WHAT YOU HAVE TO DO:
Any picture in the entries is to be skipped, while everything else is transcribed word for word.

RECORDS FOR THE TASK:

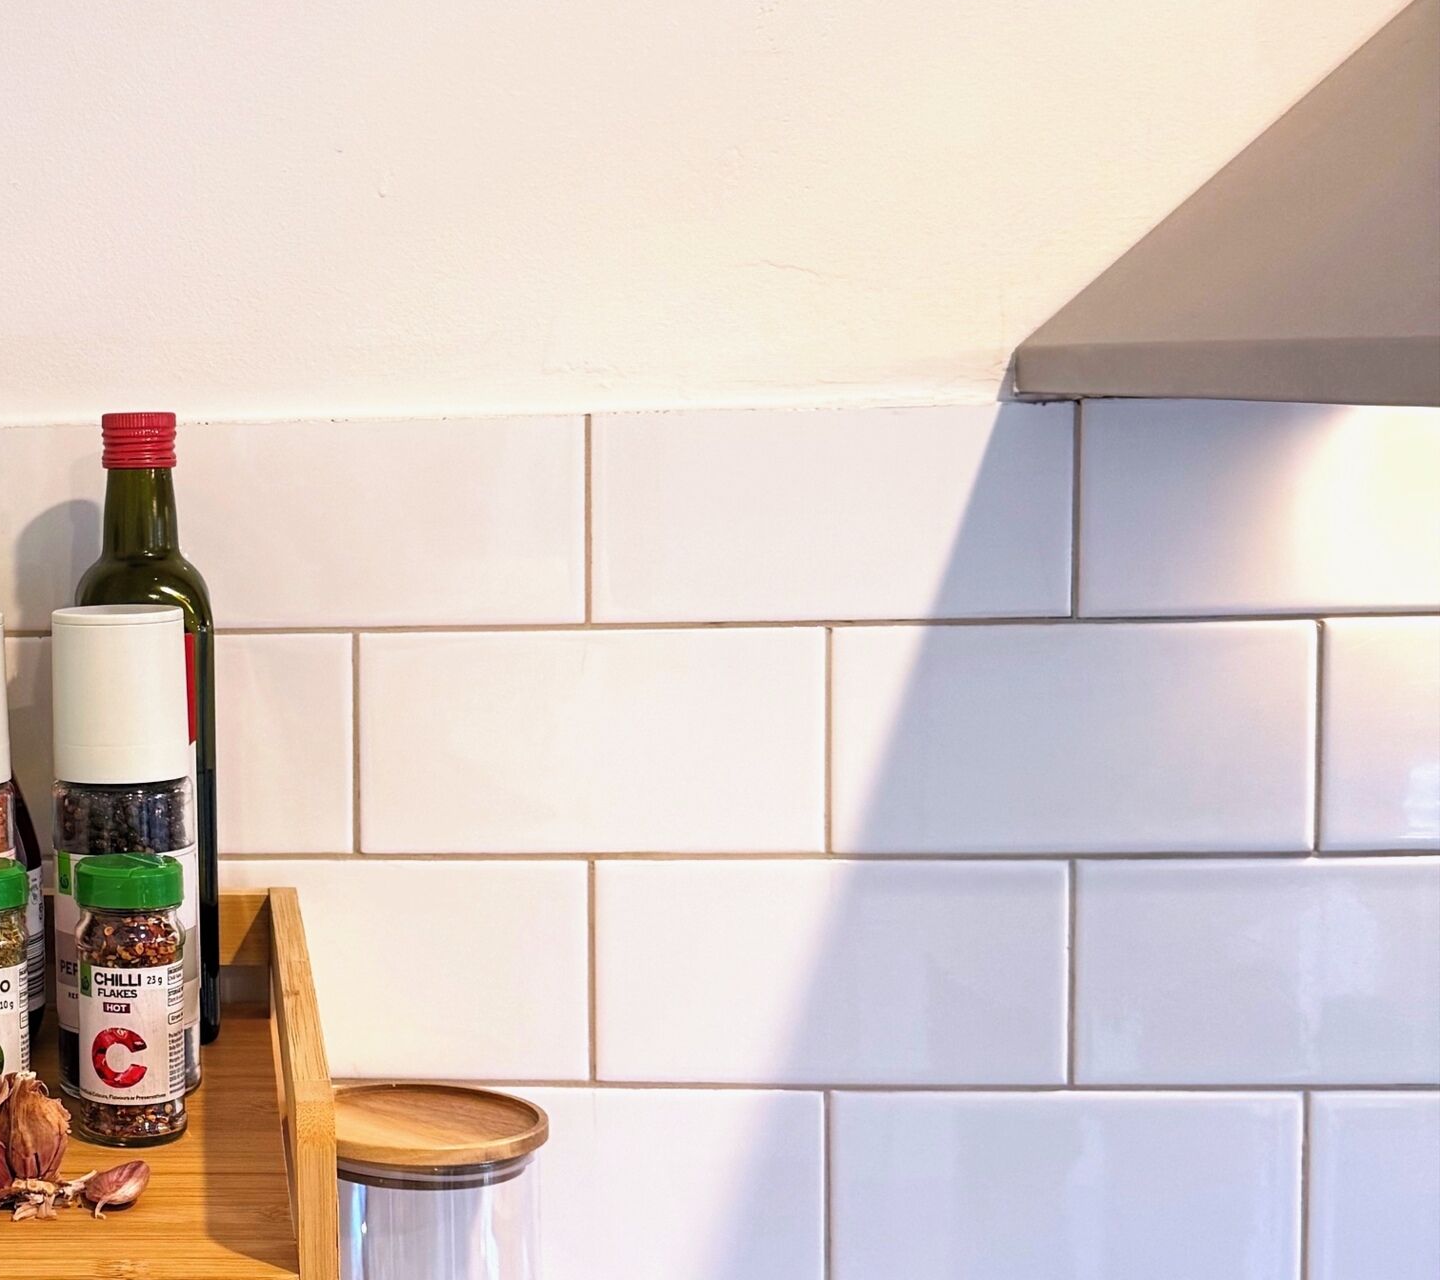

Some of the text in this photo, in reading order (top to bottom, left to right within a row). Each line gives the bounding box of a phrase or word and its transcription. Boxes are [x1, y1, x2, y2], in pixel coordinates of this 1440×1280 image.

[94, 972, 163, 987] CHILLI 23 g
[97, 988, 138, 998] FLAKES
[0, 1001, 8, 1010] 10
[106, 1003, 128, 1012] HOT
[92, 1027, 148, 1089] C

RESULT FOR THIS TASK:
Some of the text in this photo, in reading order (top to bottom, left to right within a row). Each line gives the bounding box of a phrase or word and its transcription. Boxes are [x1, y1, x2, y2], in pixel coordinates of this 1440×1280 image.

[94, 972, 163, 987] CHILLI 23 g
[97, 988, 138, 998] FLAKES
[0, 1001, 8, 1010] 10
[106, 1003, 128, 1012] HOT
[92, 1027, 148, 1089] C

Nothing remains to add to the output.